Exact copy, no pictures: reproduce every record below as it stands.

Saved data entries:
Start of Block

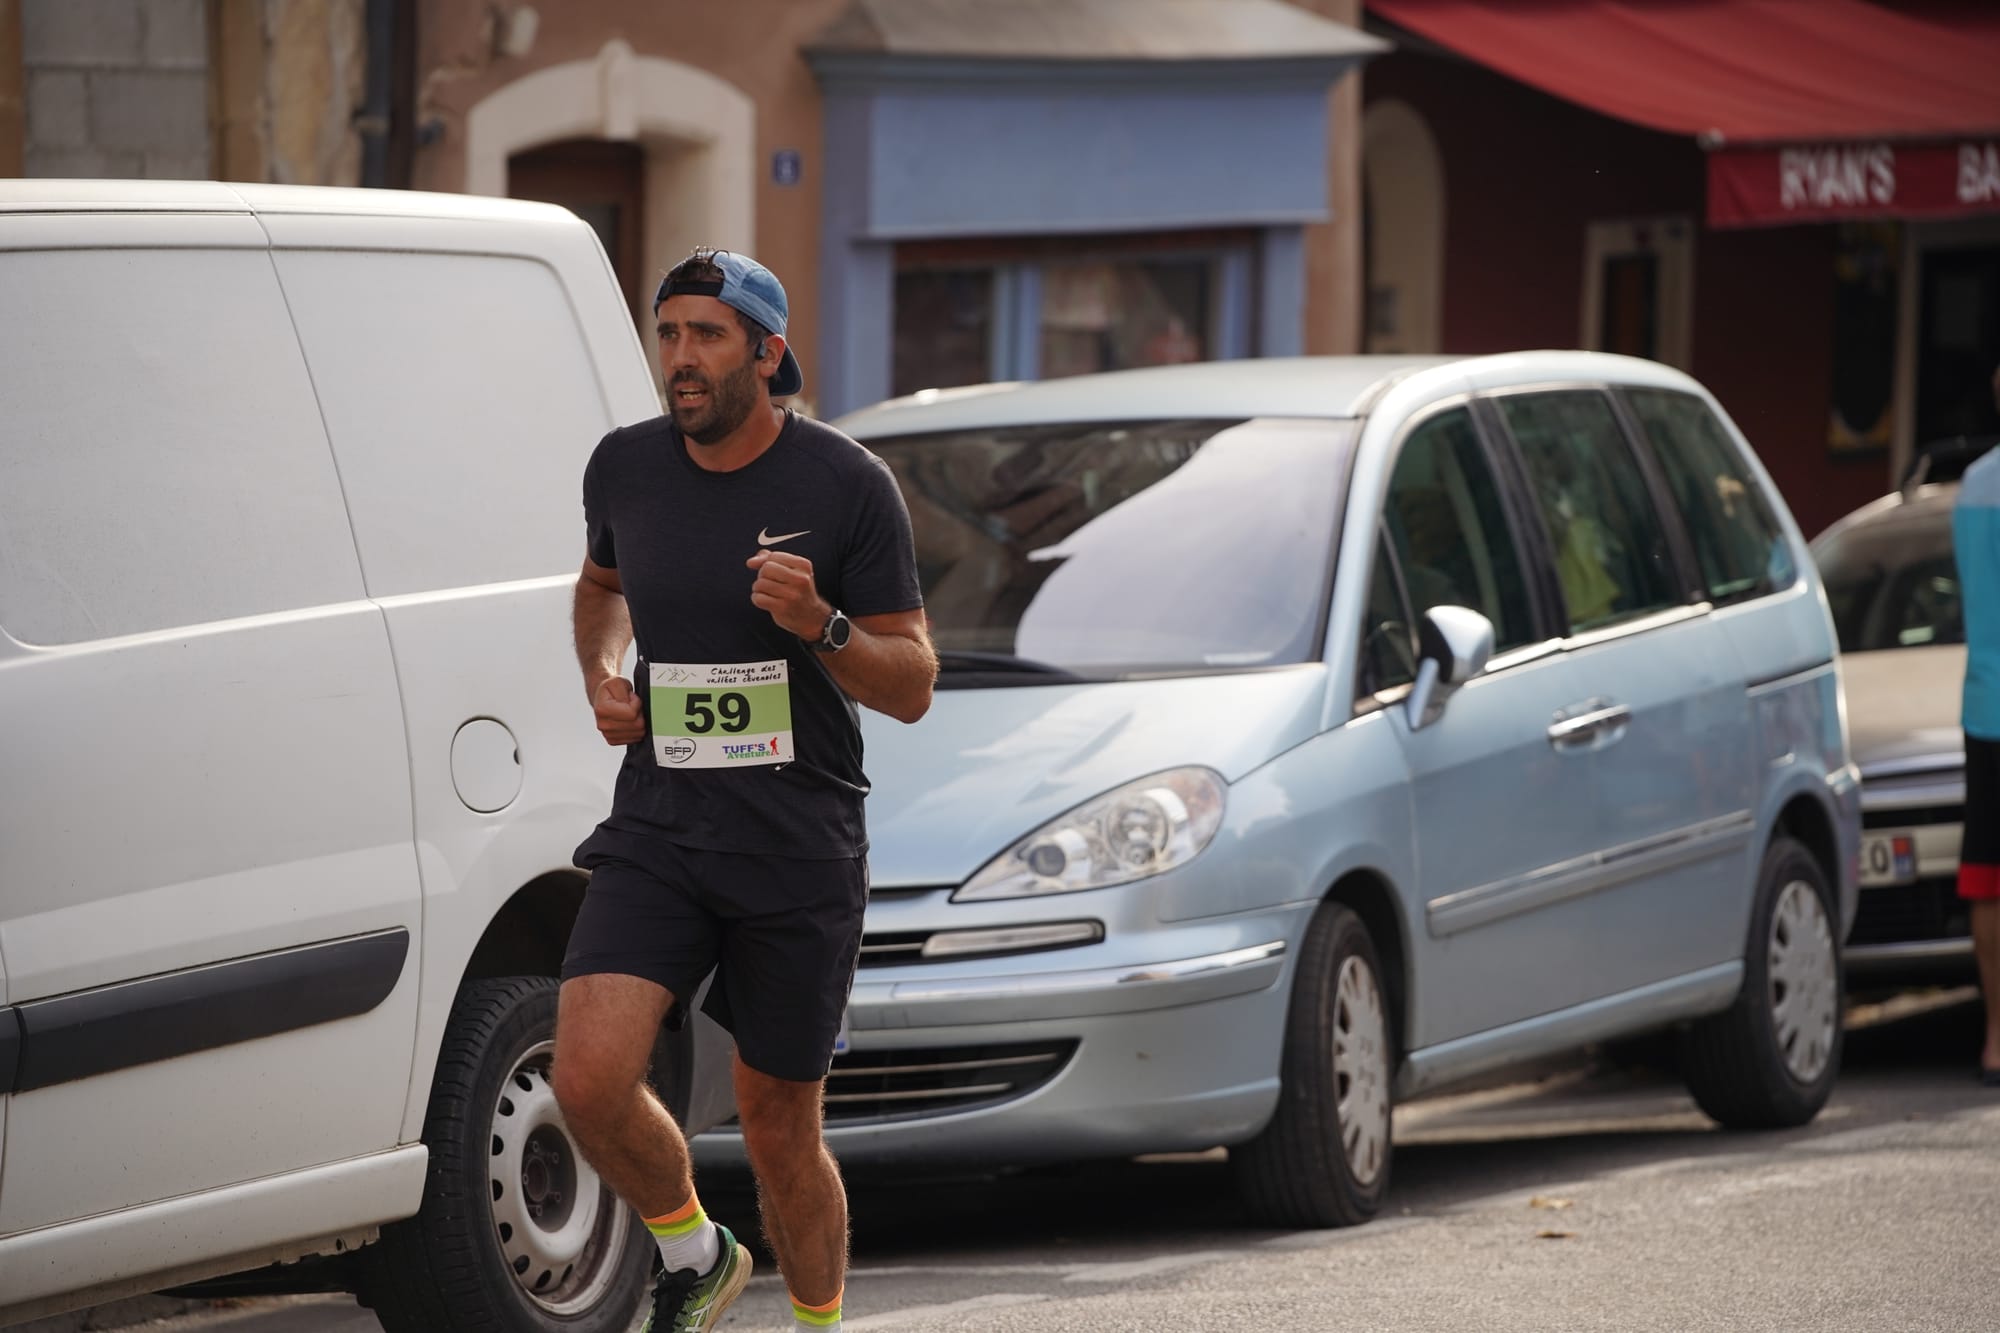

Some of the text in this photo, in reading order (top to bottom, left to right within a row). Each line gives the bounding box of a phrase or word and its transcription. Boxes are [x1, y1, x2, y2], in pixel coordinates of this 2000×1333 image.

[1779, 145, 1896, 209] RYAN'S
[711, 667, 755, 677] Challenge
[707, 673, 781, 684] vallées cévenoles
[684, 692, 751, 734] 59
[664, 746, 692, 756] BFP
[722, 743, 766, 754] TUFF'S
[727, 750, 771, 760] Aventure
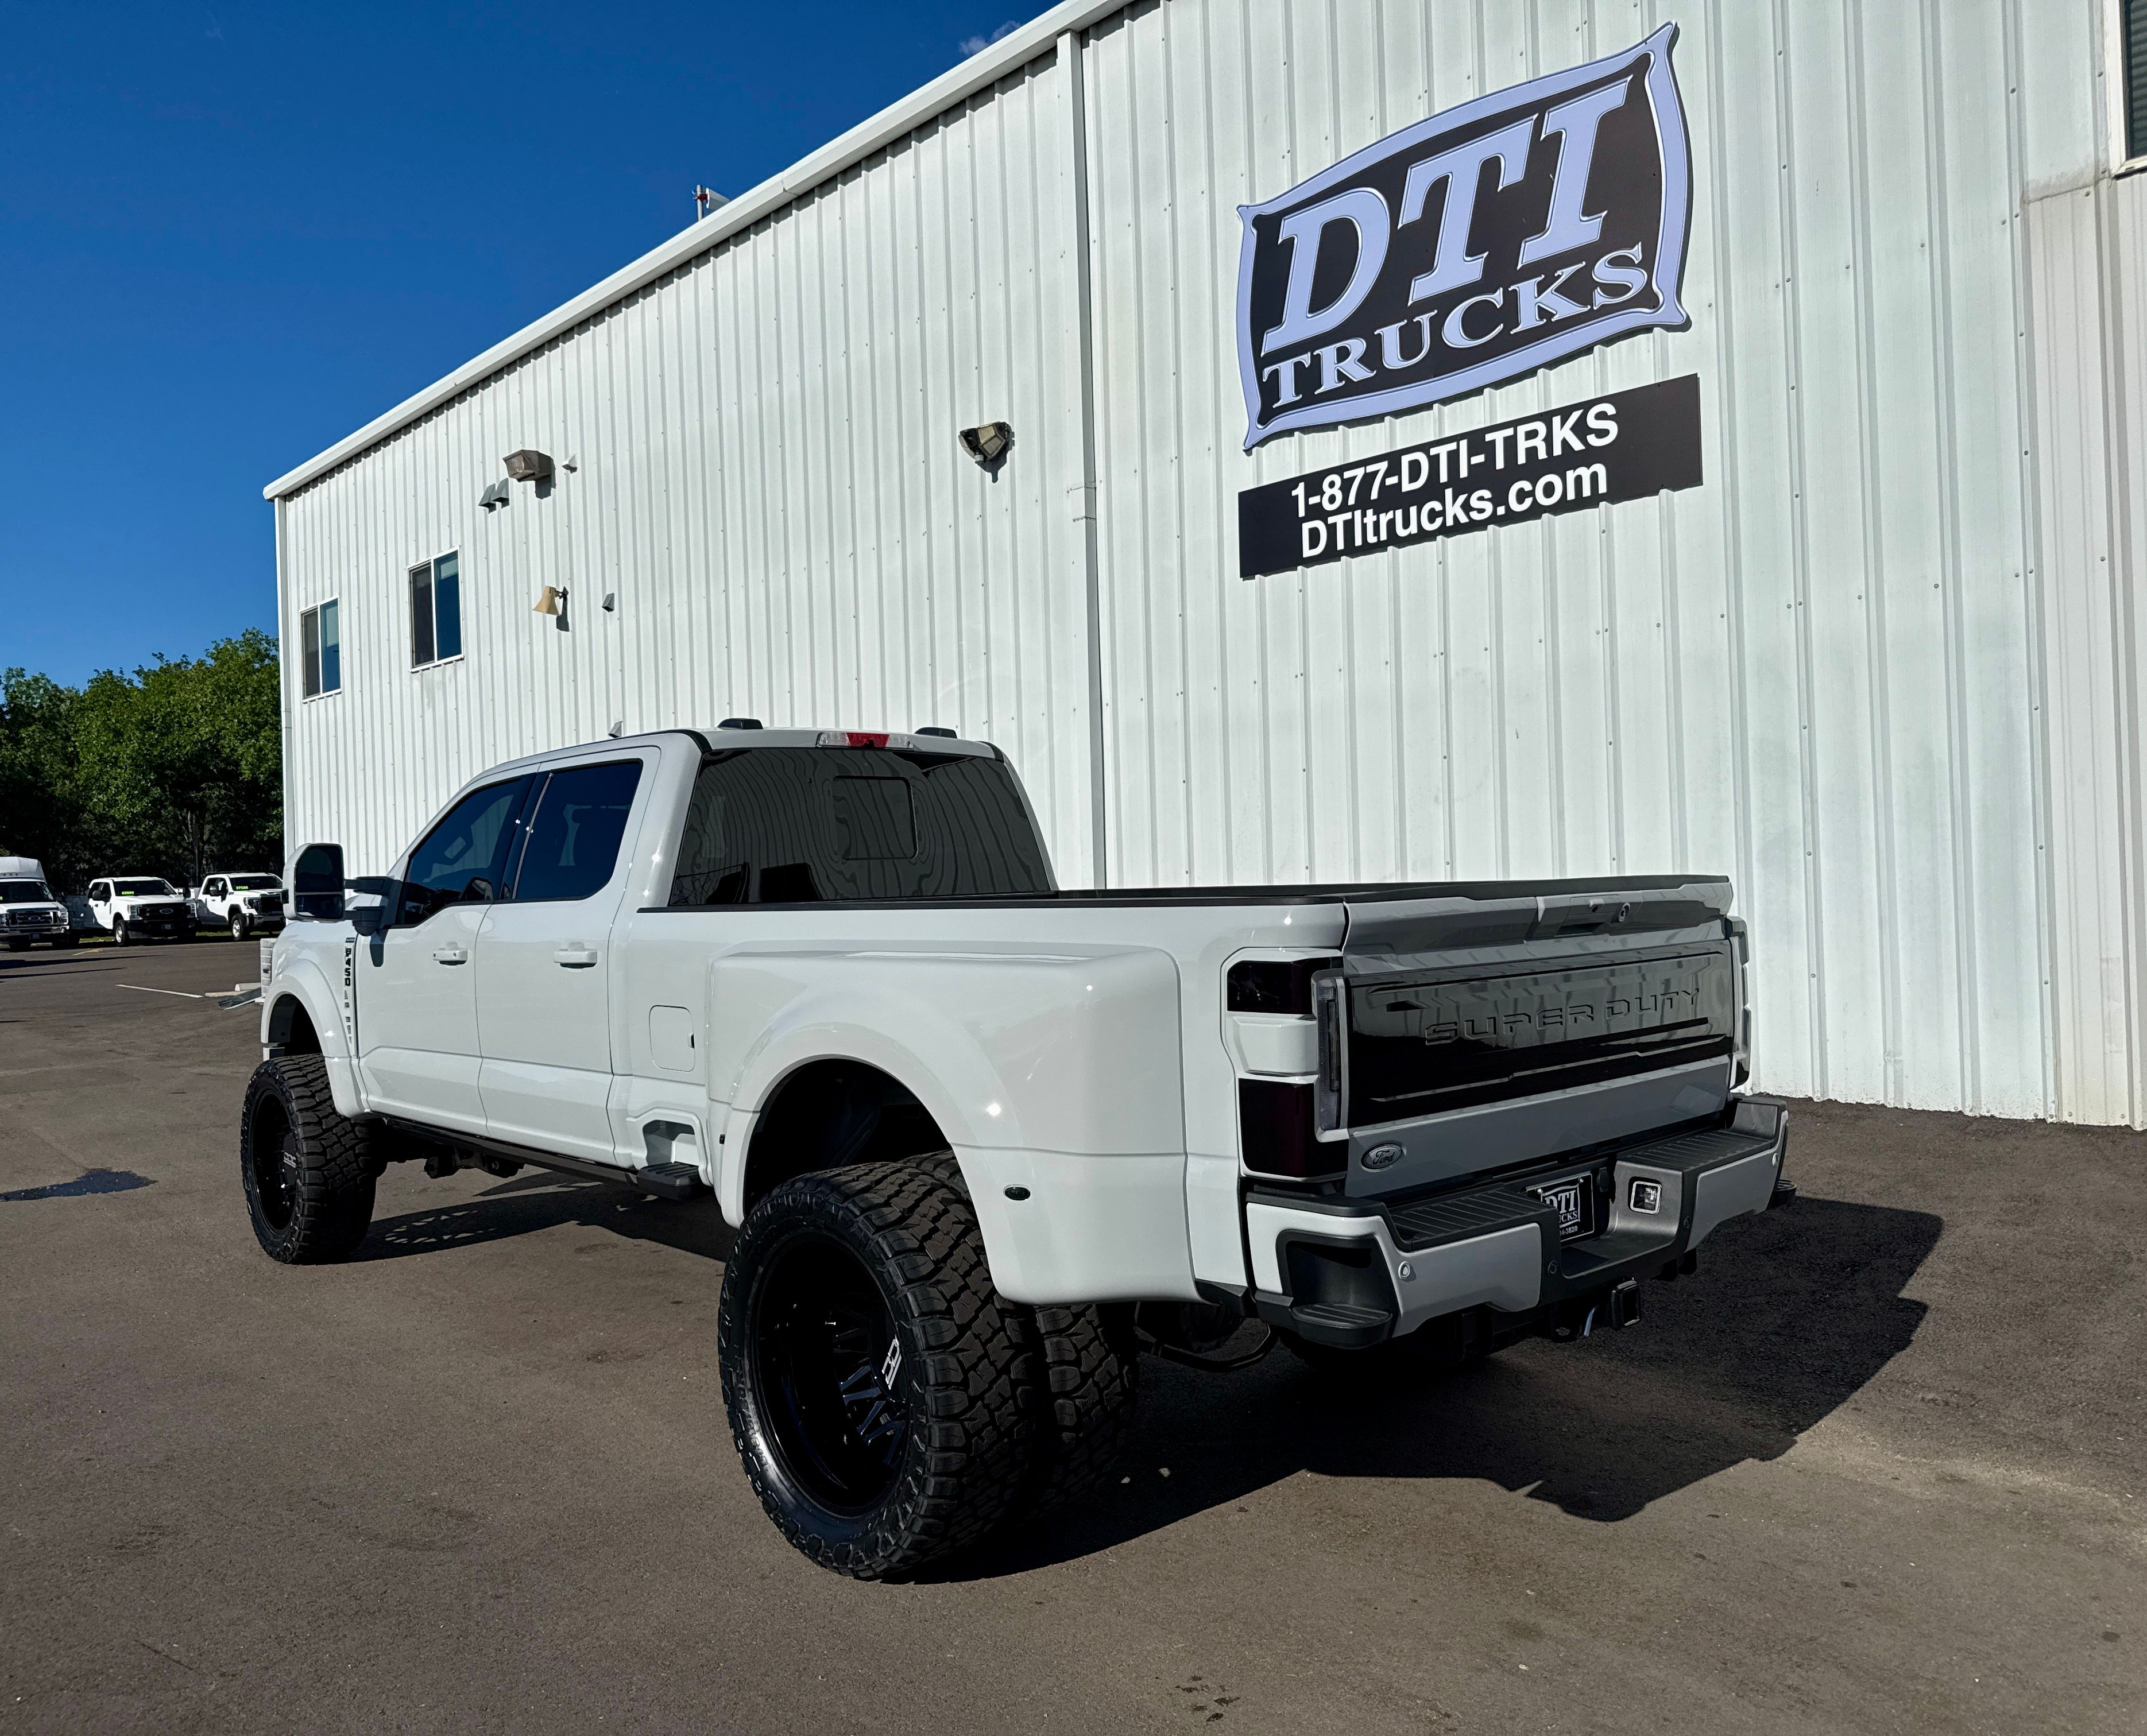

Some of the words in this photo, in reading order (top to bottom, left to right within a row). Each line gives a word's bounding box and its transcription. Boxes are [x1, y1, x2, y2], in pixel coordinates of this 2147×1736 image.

End of Block

-- Solution to this exercise --
Some of the text in this photo, in reading order (top to bottom, left to right within a row). Each line gives the bounding box of a phrase or word and its transcription. Boxes are [x1, y1, x2, y2], in pixel coordinates of this 2000×1333 image.

[1779, 145, 1896, 209] RYAN'S
[711, 667, 755, 677] Challenge
[707, 673, 781, 684] vallées cévenoles
[684, 692, 751, 734] 59
[664, 746, 692, 756] BFP
[722, 743, 766, 754] TUFF'S
[727, 750, 771, 760] Aventure

Some of the words in this photo, in reading order (top to bottom, left to right within a row). Each line gives a word's bounding box and its transcription. Boxes are [x1, y1, x2, y2], in pixel coordinates of this 2147×1736 image.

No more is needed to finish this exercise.